Samburu_woman_holding_a_baby

Narrative

The women used to walk 10 km to retrieve water - now it is approximately 1 km. They had to leave home at 6am and returned back at 5pm with enough water for only 2 days. This means the women had to make this 11-hour trek every other day! The animals are watered easily. Women are able to take part in more productive ventures including: looking after animals, fetching firewood, and attending the weekly regional market (Lokuniyani) where they sell animals as well beads to make extra income. This is used to buy food and pay for their children's school fees and buy livestock. The well has allowed for the creation of a pre-school next to the well. The school has 112 students, 48 of which are girls. Kids formerly would not even attend school becuase there was no food.

    • Third Party
    Darren Van Soye About 4 Years after completion 17 Oct, 2012

    Used to upload photos

    Status: Complete - Successful

    Operating Status:

    See photos

    • Third Party
    Darren Van Soye About 4 Years after completion 17 Oct, 2012

    TrekkingthePlanet.net Visit

    Status: Complete - Successful

    Operating Status:

    Findings:
    1. 1000+ people use this well.
    2. Before the well, a family member had to walk 4 hours each way (8 hours total) to get water.
    3. Perfect operating condition.
    4. Nice fence built from wire and thorn bushes.
    5. Goals and donkeys share the well (but not cows).
    6. Since the well was drilled, a school has formed under a tree (we only saw the blackboard because it was later in the day). We were told that there are approx. 50 children now attend.
    7. A kitchen area is being constructed nearby.
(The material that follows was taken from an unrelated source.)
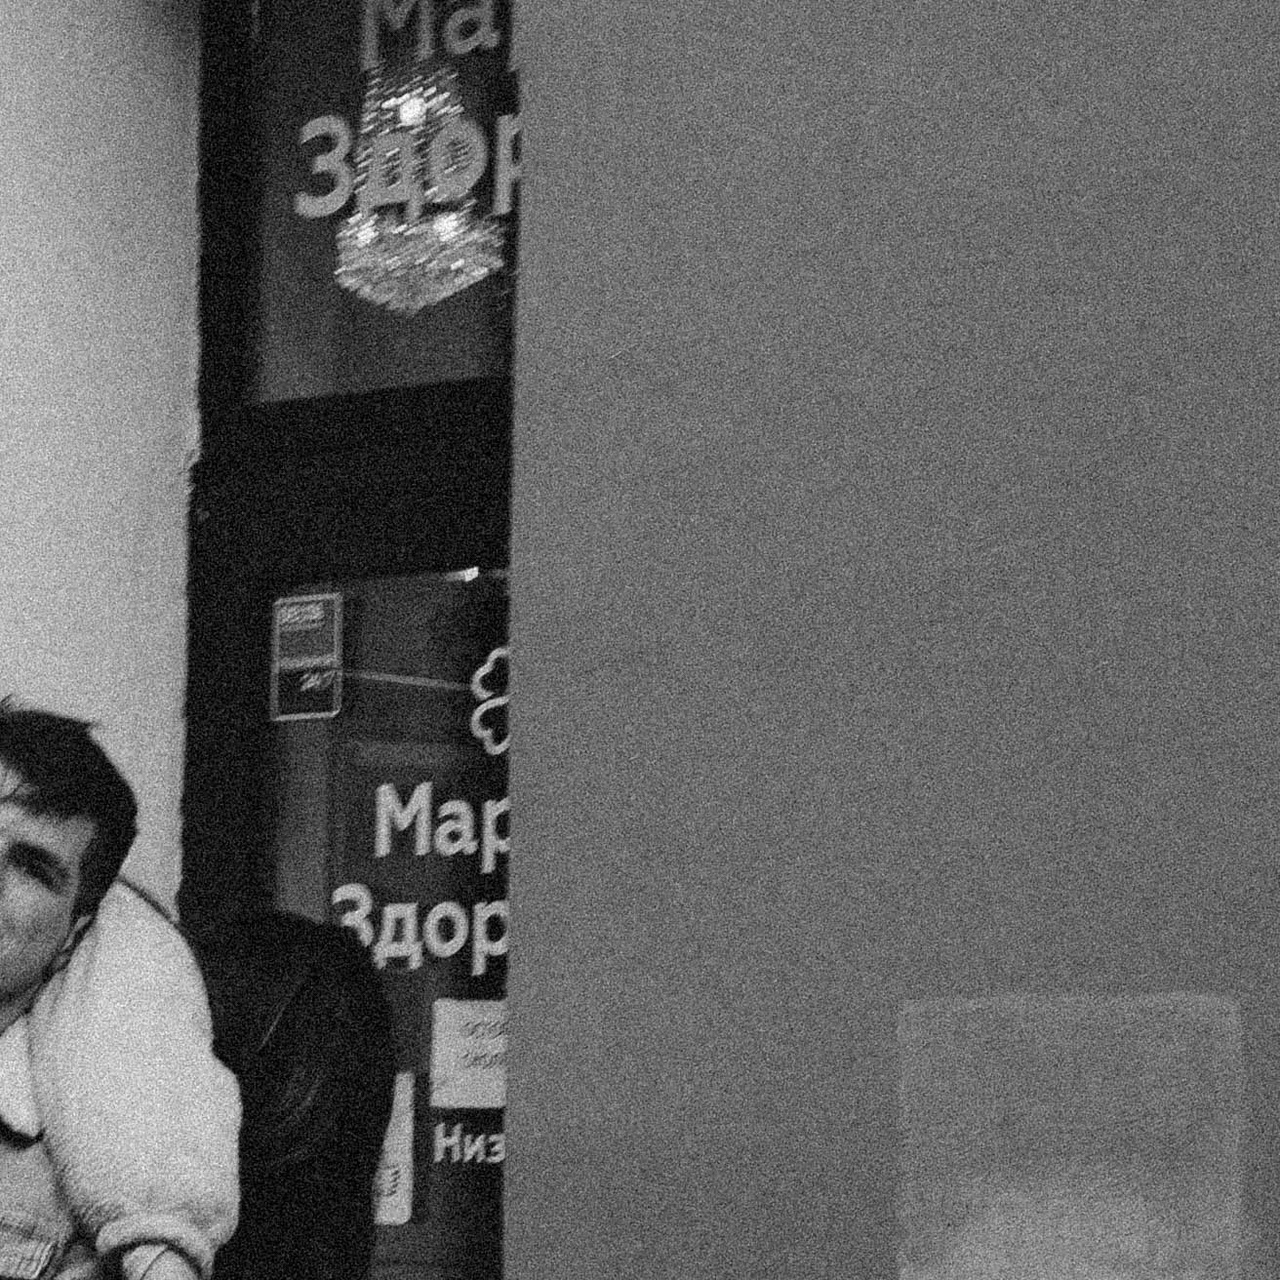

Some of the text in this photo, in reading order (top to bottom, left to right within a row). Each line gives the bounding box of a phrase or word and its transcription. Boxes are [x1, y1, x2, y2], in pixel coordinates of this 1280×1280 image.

[374, 780, 510, 874] Мар
[331, 881, 510, 977] Здор
[433, 1122, 506, 1164] Низ
    Lucas Lekwale ( The Samburu Project ) Almost 4 Years after completion 5 Jul, 2012

    July Visit

    Status: Complete - Successful

    Operating Status:

    Routine Visit. Well is in good working condition.

    Stephanie Ng ( The Samburu Project ) Almost 4 Years after completion 15 May, 2012

    Stephanie Ng's Visit- May 2012

    Status: Complete - Successful

    Operating Status:

    We arrived at Lbaa lo Ltepes 1/Remot 2 Well to find several Samburu mamas using the well. They told us that they used spend the entire day (from very early in the morning till the evening) searching for water. Now, they are literally minutes away from the well. One of the ladies laughed as she said that if you are in the middle of cooking and realize you do not have enough water, you could put a pot on the stove with some oil and spices, run to the well to get water, and return to the pot being ready to add the water and other ingredients.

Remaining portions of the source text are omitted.